◆ WHAT THIS TASK INVOLVES ◆
Where a record contains an image, leave the image out and print the rest exactly.

Free-text object descriptions

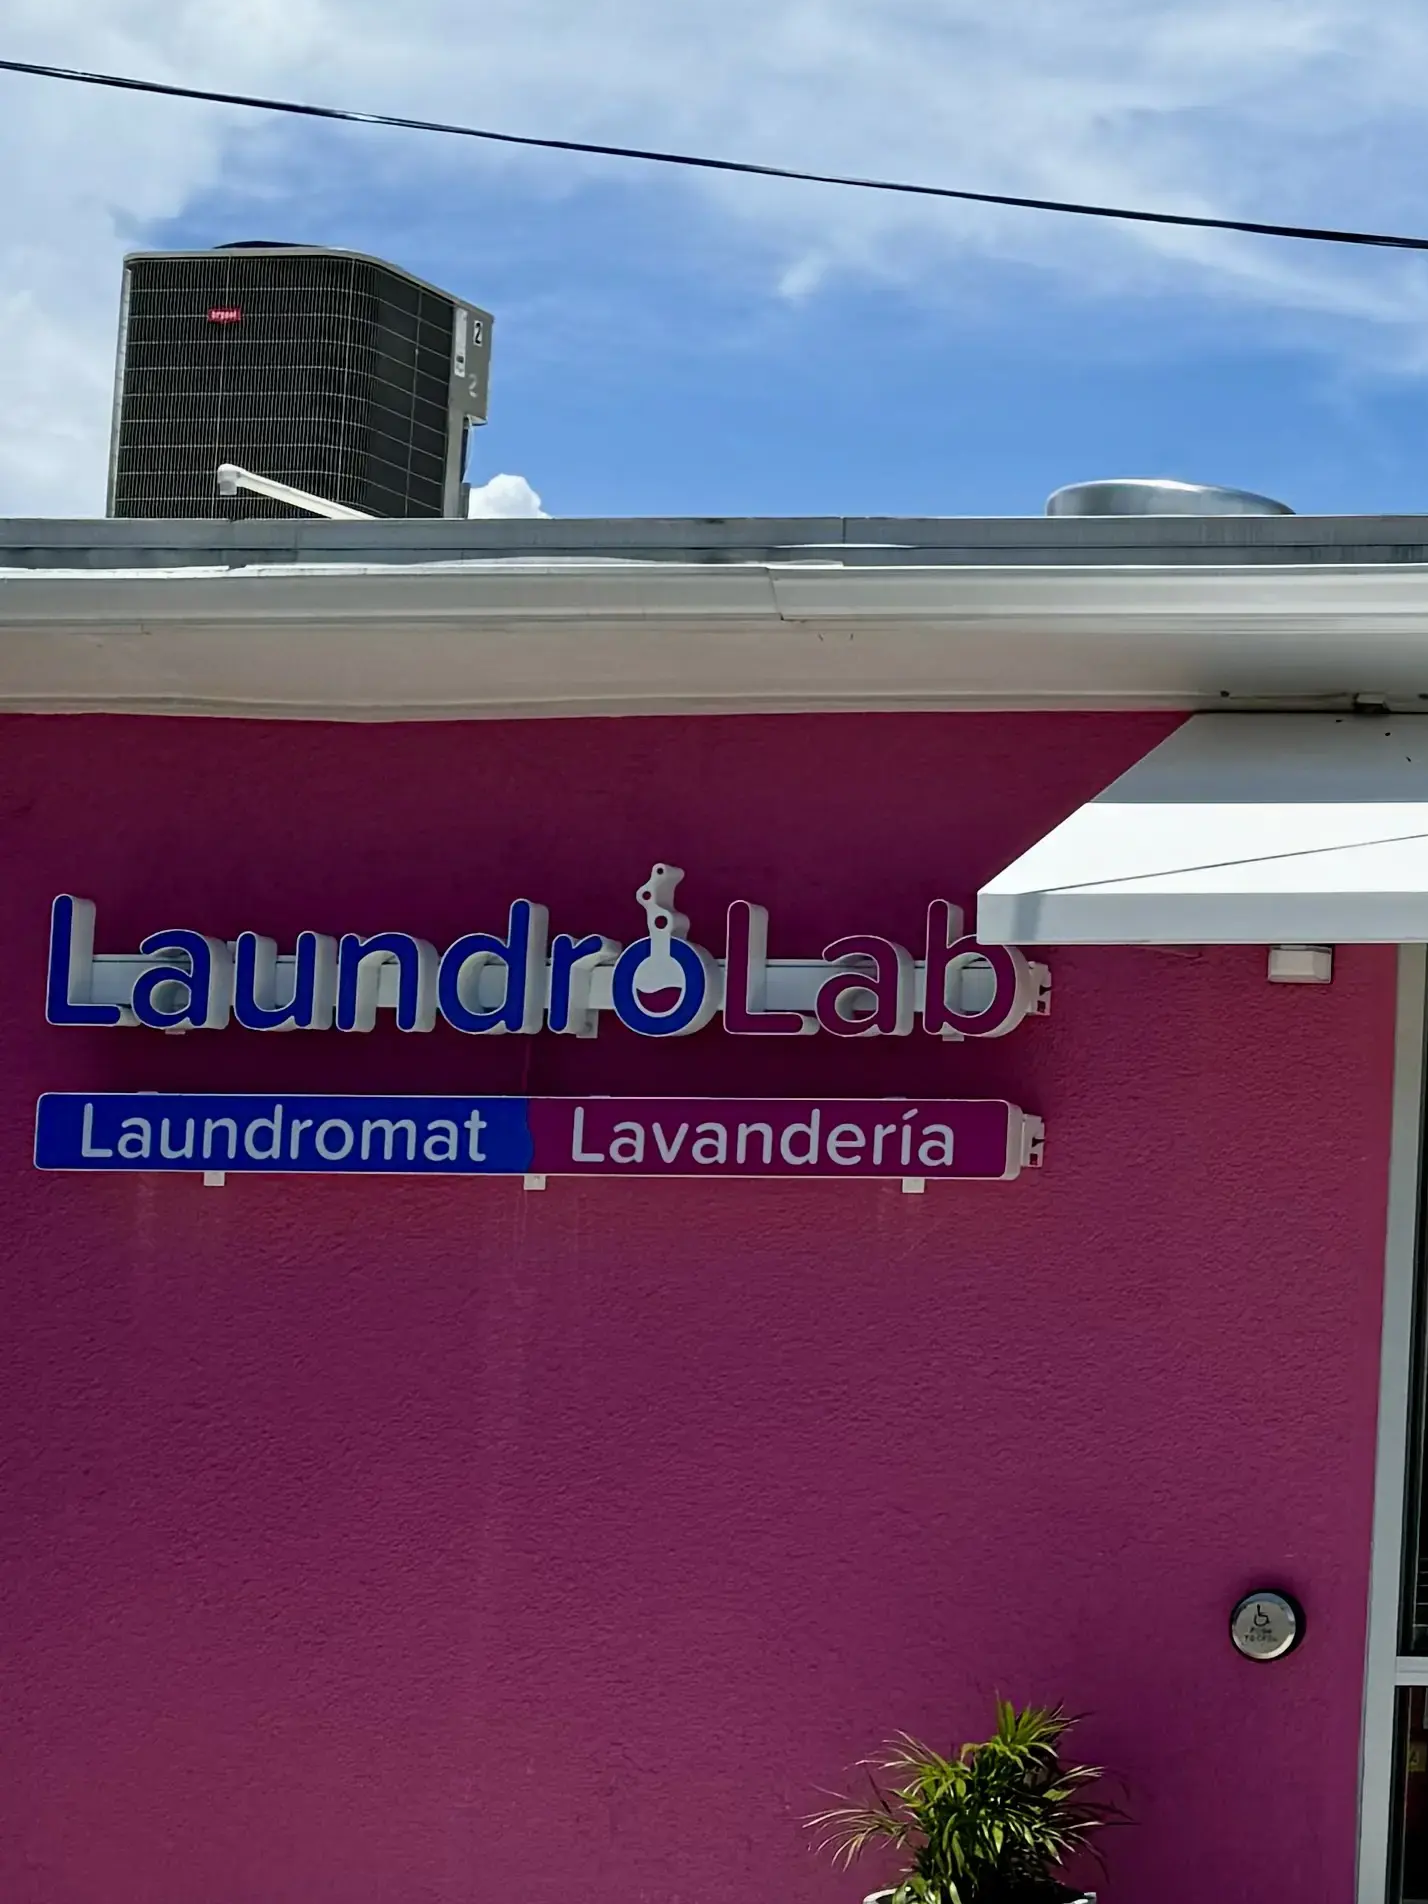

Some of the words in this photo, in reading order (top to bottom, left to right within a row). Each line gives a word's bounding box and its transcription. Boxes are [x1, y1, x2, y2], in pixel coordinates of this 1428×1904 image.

[46, 863, 1030, 1037] LaundroLab
[79, 1102, 488, 1164] Laundromat
[571, 1107, 956, 1168] Lavandería
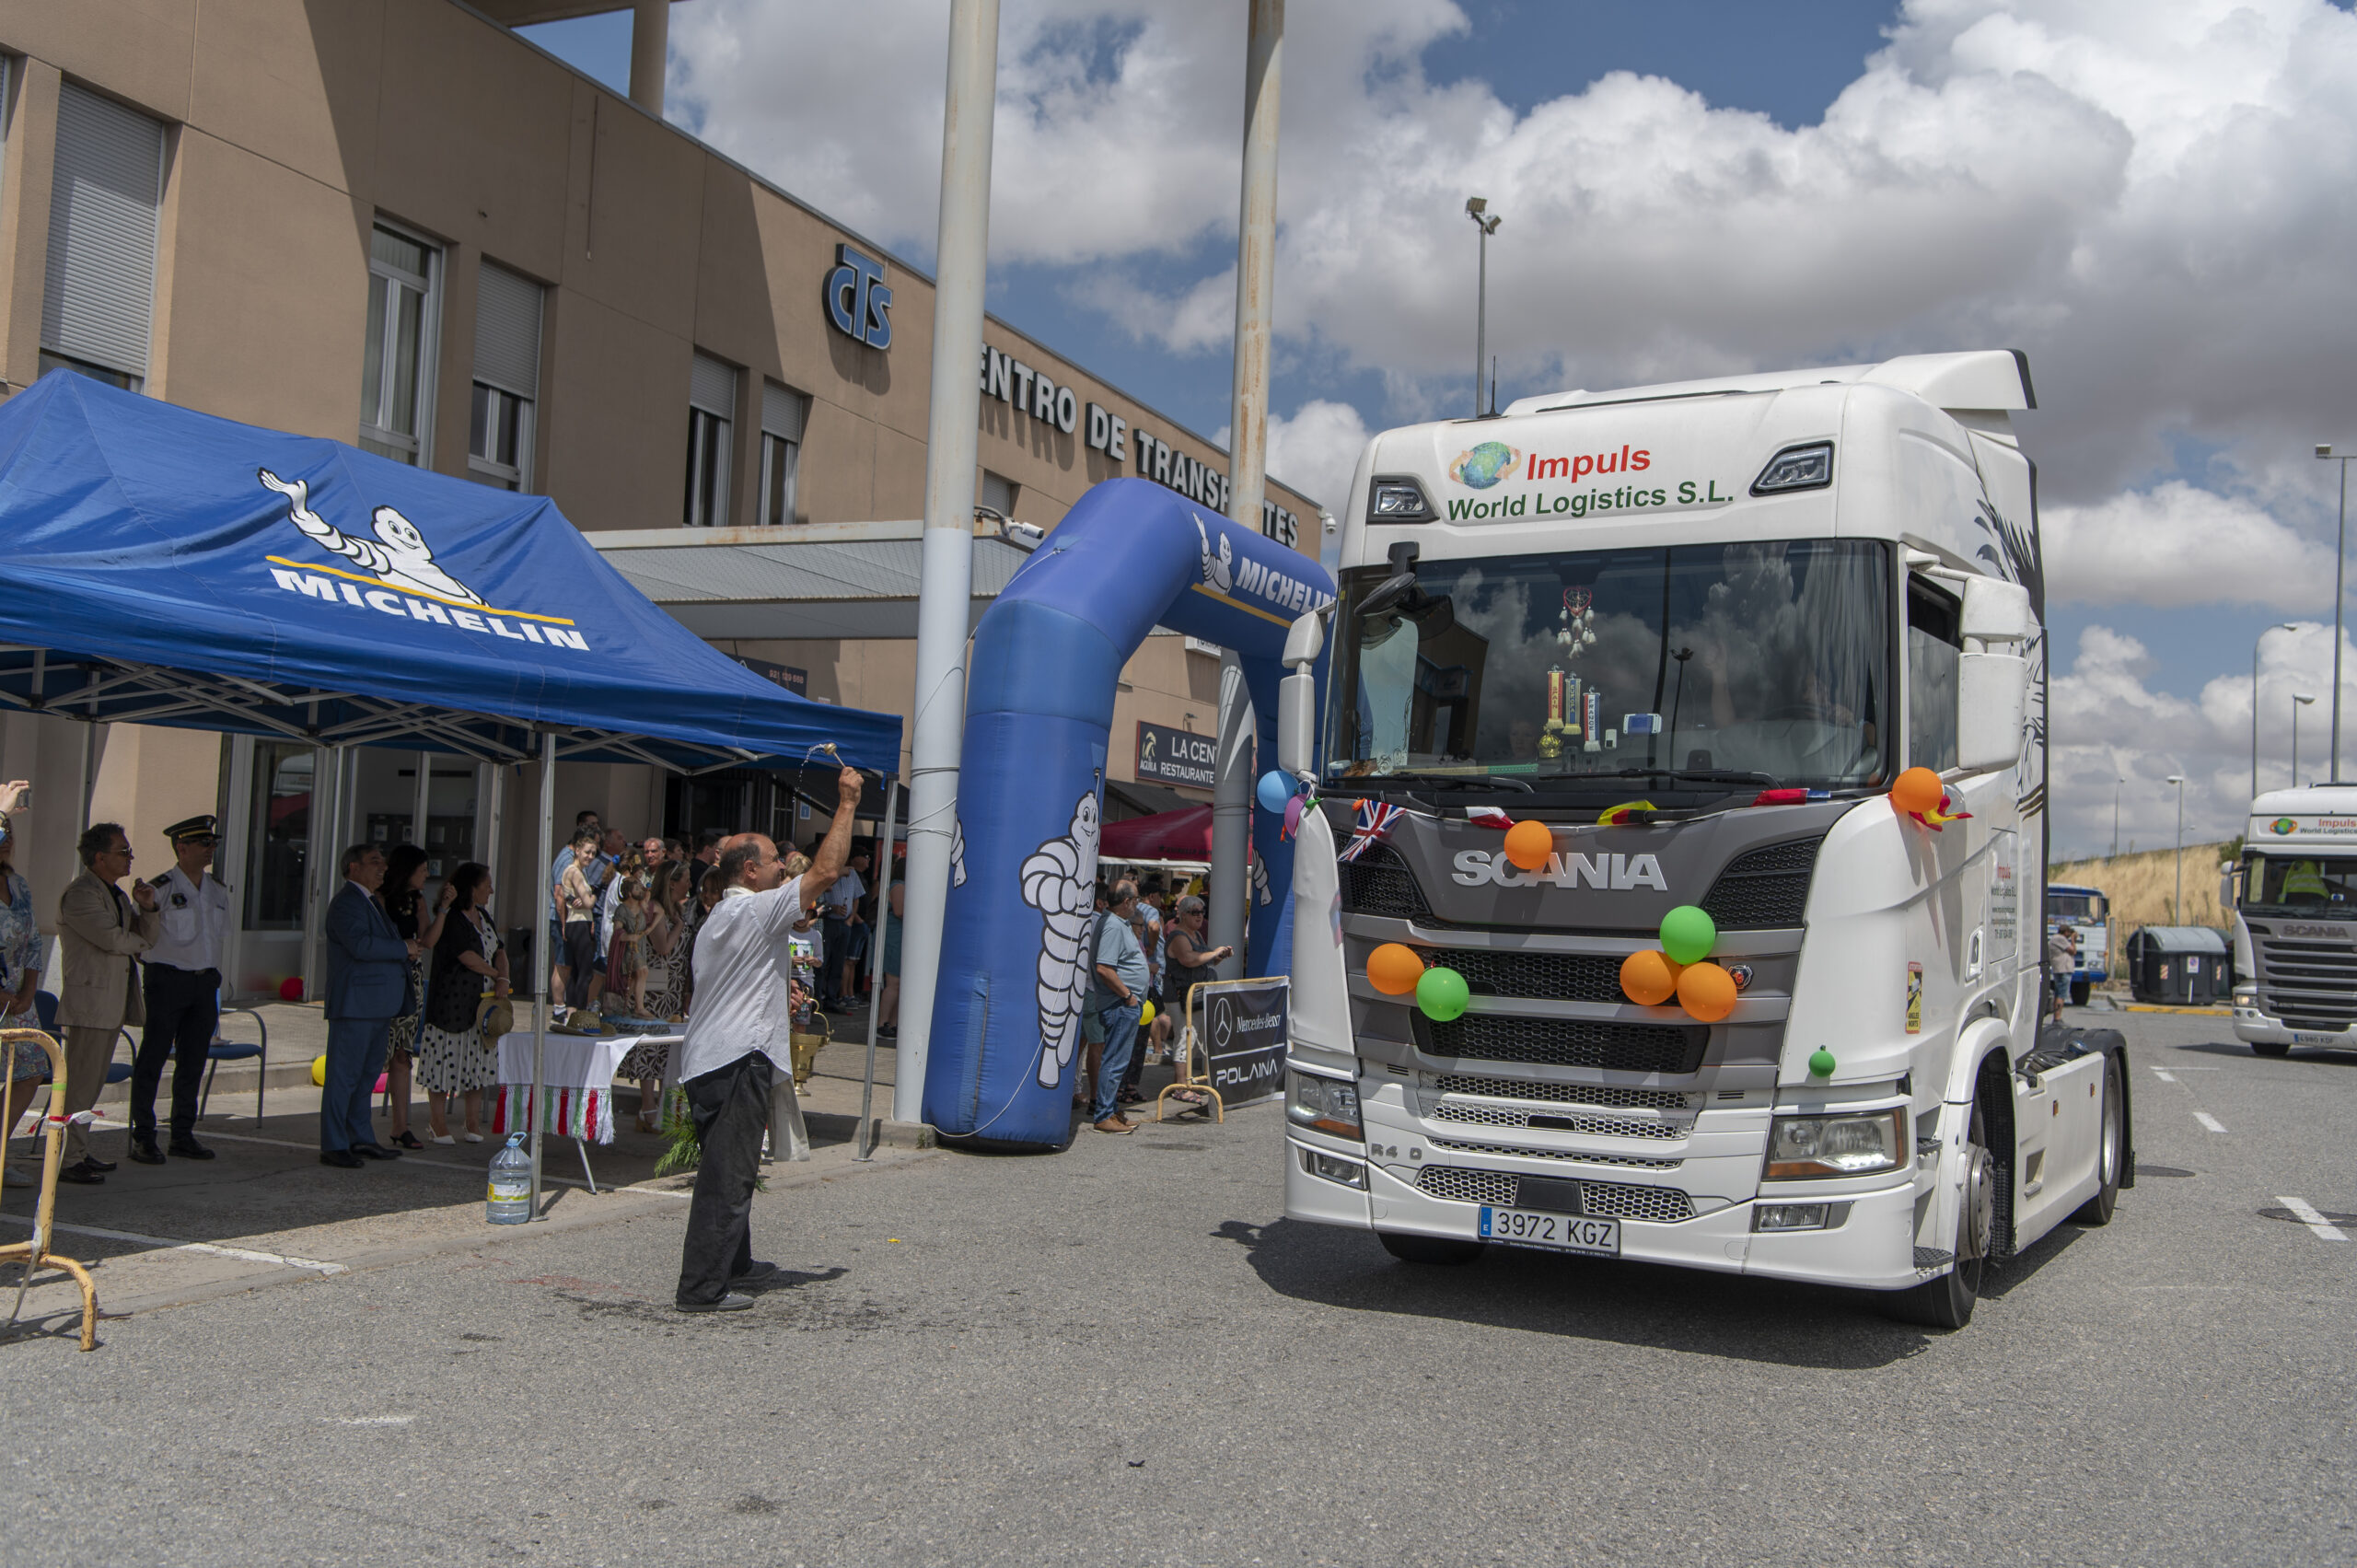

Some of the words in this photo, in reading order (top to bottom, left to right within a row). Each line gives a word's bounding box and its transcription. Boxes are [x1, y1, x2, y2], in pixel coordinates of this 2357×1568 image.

[822, 243, 892, 350] CTS
[1085, 402, 1126, 461] DE
[1527, 445, 1651, 482] Impuls
[1448, 494, 1526, 520] World
[1536, 486, 1666, 517] Logistics
[1678, 480, 1734, 504] S.L.
[270, 568, 590, 651] MICHELIN
[1171, 737, 1188, 759] LA
[1190, 741, 1216, 764] CEN
[1160, 761, 1214, 784] RESTAURANTE
[2318, 818, 2357, 829] Impuls
[1452, 850, 1667, 891] SCANIA
[2283, 924, 2349, 937] SCANIA
[1237, 1013, 1281, 1033] Mercedes-Benz
[1217, 1058, 1278, 1086] POLAINA
[1498, 1212, 1556, 1241] 3972
[1568, 1219, 1612, 1248] KGZ
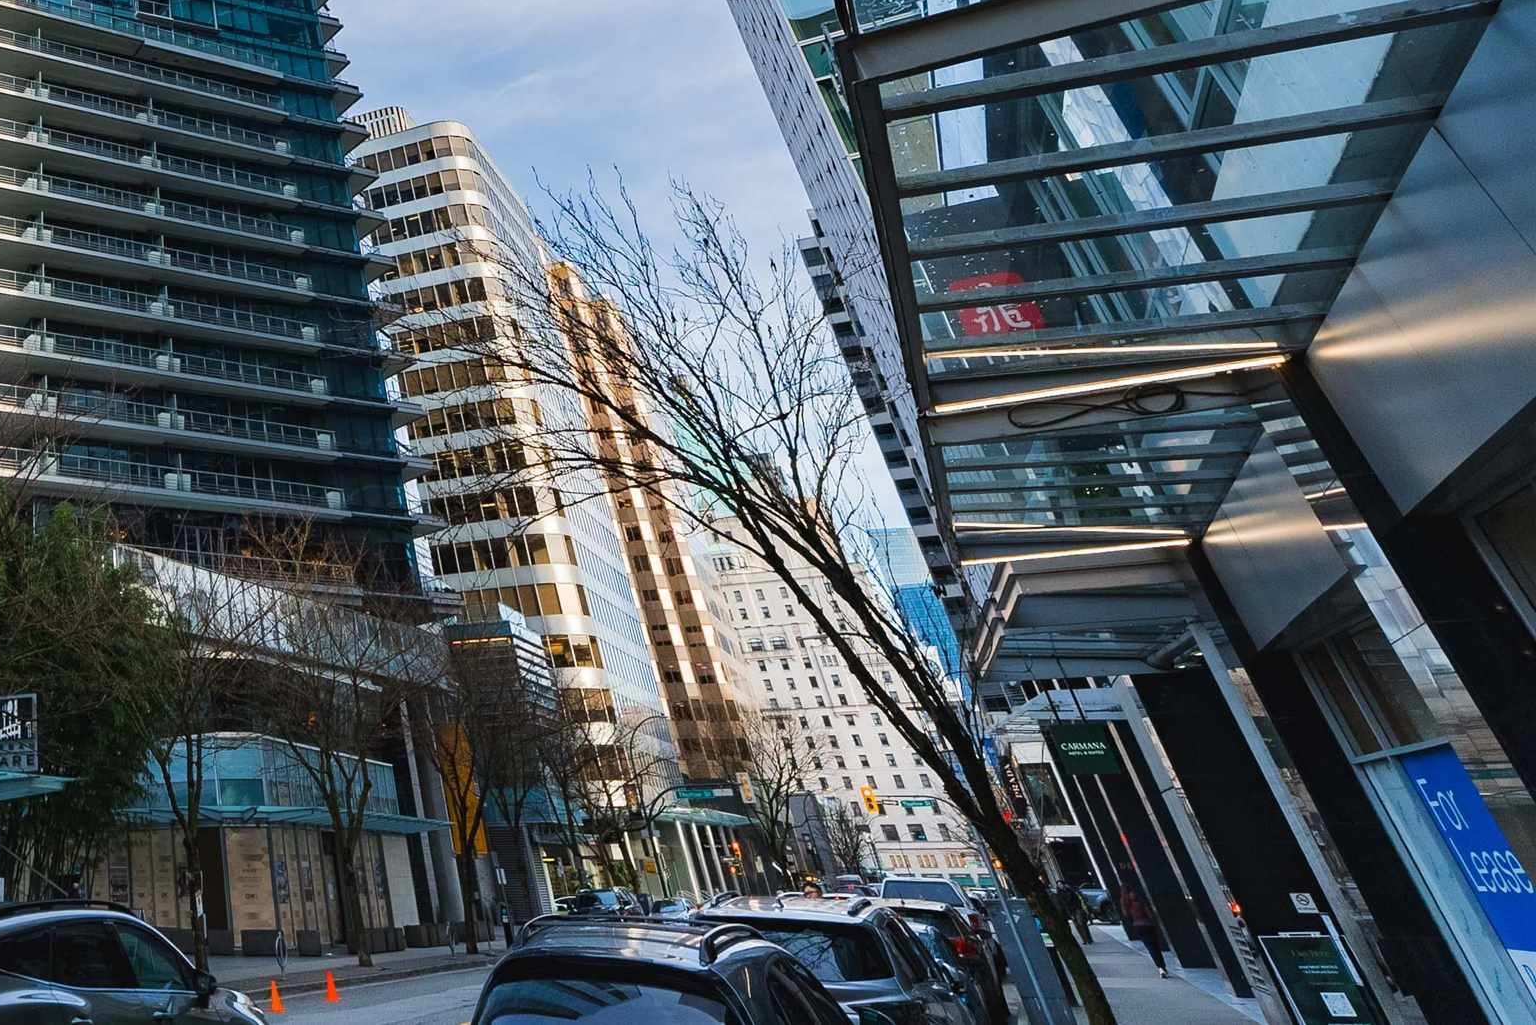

◆ RESPONSE BOX ◆
Some of the words in this photo, in reading order (top to bottom, left to right within a row). Each line gives a word's bounding box and its transcription. Boxes are [x1, y1, x2, y2], in pixel coordinates of this 1428×1904 image.

[46, 863, 1030, 1037] LaundroLab
[79, 1102, 488, 1164] Laundromat
[571, 1107, 956, 1168] Lavandería

Some of the words in this photo, in reading order (top to bottom, left to right within a row). Each line gives a word's bounding box and its transcription. Boxes are [x1, y1, x2, y2], in pixel coordinates of this 2357×1568 image.

[822, 243, 892, 350] CTS
[1085, 402, 1126, 461] DE
[1527, 445, 1651, 482] Impuls
[1448, 494, 1526, 520] World
[1536, 486, 1666, 517] Logistics
[1678, 480, 1734, 504] S.L.
[270, 568, 590, 651] MICHELIN
[1171, 737, 1188, 759] LA
[1190, 741, 1216, 764] CEN
[1160, 761, 1214, 784] RESTAURANTE
[2318, 818, 2357, 829] Impuls
[1452, 850, 1667, 891] SCANIA
[2283, 924, 2349, 937] SCANIA
[1237, 1013, 1281, 1033] Mercedes-Benz
[1217, 1058, 1278, 1086] POLAINA
[1498, 1212, 1556, 1241] 3972
[1568, 1219, 1612, 1248] KGZ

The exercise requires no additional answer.